Five Simple Tips to Survive Your Annual Office Holiday Party The office holiday party is here, threatening to send your anxiety into new realms of oh-my-golly. And you have to go. You, an introverted Gen-Z remote worker who lives in Teams and gamed your video background for eight months, now have to put on pants and walk […]
The post The Office Holiday Party Preparedness Guide: How to Blend In and Get Out appeared first on Articles, Tips and Tech for Law Firms and Lawyers.

Five Simple Tips to Survive Your Annual Office Holiday Party

The Office Holiday Party
The Office Holiday Party Preparedness Guide: How to Blend In and Get Out 3

The office holiday party is here, threatening to send your anxiety into new realms of oh-my-golly. And you have to go. You, an introverted Gen-Z remote worker who lives in Teams and gamed your video background for eight months, now have to put on pants and walk into a rented event space half a block from the office, drink something with cinnamon and prosecco, and deal with Steve who has mistletoe duct taped to his forehead.

This is your office holiday party, the annual Christmas bash, your corporate “seasonal event.” And we’re gonna hold your hand the whole time.

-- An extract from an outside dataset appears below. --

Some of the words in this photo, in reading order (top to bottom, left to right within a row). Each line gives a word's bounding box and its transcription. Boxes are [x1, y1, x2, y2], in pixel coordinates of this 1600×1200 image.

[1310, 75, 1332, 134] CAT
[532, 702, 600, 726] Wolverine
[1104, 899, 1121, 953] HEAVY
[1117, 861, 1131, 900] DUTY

1. You Have to Go to Your Office Holiday Party

Seriously, you can’t wimp out or call off sick. (Unless you really are sick, then, of course, you have to stay home because you’re a decent human being, not an insane sack of virulent germs that will make everyone else sick and ruin their vacation.) Even if attendance isn’t mandatory, you have to go for the stupidest reason: Your senior partner planned it and she’s anxious about pulling it off. She’s invested in the one true metric of success — attendance. When you show up and put yourself out there, you’re doing her a solid and making her look good. Which, of course, is not your job, and I’m not suggesting you can leverage that in any way. This isn’t “Suits,” Marsha. I’m saying that if your boss is proud of her office holiday party, then she’ll be in a good mood for at least a couple of weeks, which is good for everybody.

Also, you have to go because people need to know you’re real. I know that sounds weird. Of course, you’re real. AI isn’t that good. Yet.

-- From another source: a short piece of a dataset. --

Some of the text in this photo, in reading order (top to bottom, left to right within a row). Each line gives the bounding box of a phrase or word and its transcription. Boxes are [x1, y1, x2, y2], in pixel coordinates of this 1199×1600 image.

What I mean is a lot of these people know you as a tiny face in a tiny box on the bottom left of their tiny screen. In a lot of ways, you aren’t real to them — just as they aren’t entirely real to you. Showing up IRL lets people shake your hand and slap you on the back and gives you the opportunity to do the same. Virtual camaraderie is fine, but building true rapport requires a little skin-on-skin. Which you can only do if you’re in the room. On that note ….

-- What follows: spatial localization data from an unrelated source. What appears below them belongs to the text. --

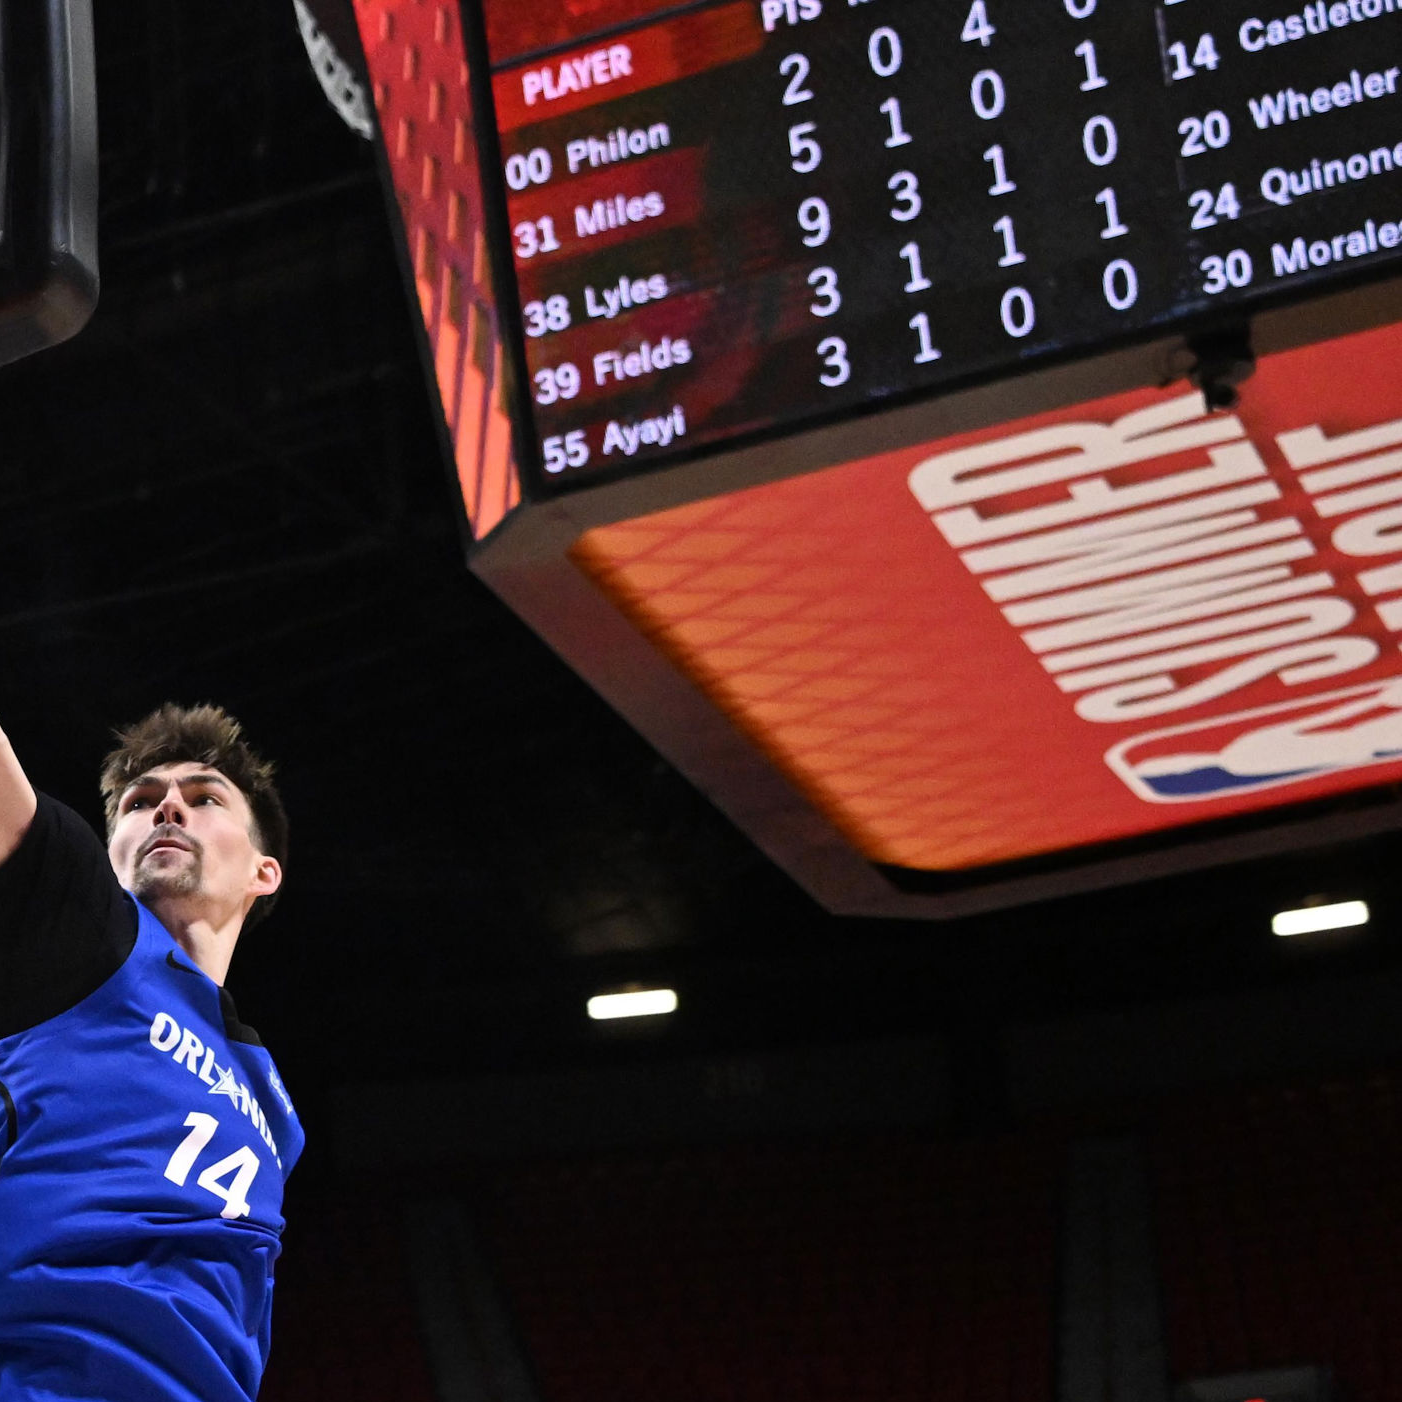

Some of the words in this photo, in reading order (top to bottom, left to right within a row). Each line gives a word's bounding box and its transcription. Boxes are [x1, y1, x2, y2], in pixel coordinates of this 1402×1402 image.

[505, 147, 553, 191] 00
[566, 121, 671, 174] Philon
[779, 53, 814, 106] 2
[867, 25, 903, 78] 0
[960, 0, 996, 47] 4
[522, 44, 633, 105] PLAYER
[1167, 33, 1220, 81] 14
[1177, 110, 1231, 158] 20
[1249, 66, 1401, 130] Wheeler
[513, 216, 561, 259] 31
[575, 191, 665, 238] Miles
[787, 121, 822, 174] 5
[879, 97, 913, 149] 1
[969, 68, 1006, 121] 0
[1074, 39, 1109, 92] 1
[1188, 182, 1242, 231] 24
[522, 294, 571, 339] 38
[584, 273, 669, 320] Lyles
[797, 196, 832, 249] 9
[887, 170, 922, 222] 3
[982, 143, 1018, 196] 1
[1082, 115, 1118, 166] 0
[533, 362, 581, 406] 39
[593, 335, 693, 388] Fields
[807, 265, 842, 318] 3
[899, 242, 933, 294] 1
[992, 215, 1028, 268] 1
[1094, 187, 1130, 241] 1
[1200, 249, 1254, 295] 30
[1270, 218, 1402, 278] Morale
[542, 430, 591, 475] 55
[602, 404, 687, 457] Ayayi
[816, 335, 852, 388] 3
[908, 312, 943, 364] 1
[1000, 285, 1037, 338] 0
[1102, 258, 1139, 311] 0
[907, 390, 1379, 723] SUMMER
[163, 1111, 260, 1220] 14

2. How to Walk Into Your Office Holiday Party

This is maybe the most worrisome fear of mingling. Worse than small talk, worse than forgetting someone’s name. For you, the walking-inner, entering the room is a huge deal. The mind recognizes how big a deal this is, so it tries its best to support the idea by making you think (worry, agonize) that it’s a big deal for everyone else in the room too. You’ve probably entertained one or two recurring nightmare fantasies where you watch a mental movie of yourself Frank Sinatra-ing into a crowded office party. The record scratches, the conversation stops, and all eyes turn to judge you and the scarf you overthought. Paralysis! Full shutdown! You the deer. Them the headlights.

In that moment, in the spotlight, what do you even do?

Relax. Nobody, and I mean nobody, even knows you’re there. Every single individual in attendance is locked into whatever forced conversation they’ve just managed to wedge “can we circle back …” into.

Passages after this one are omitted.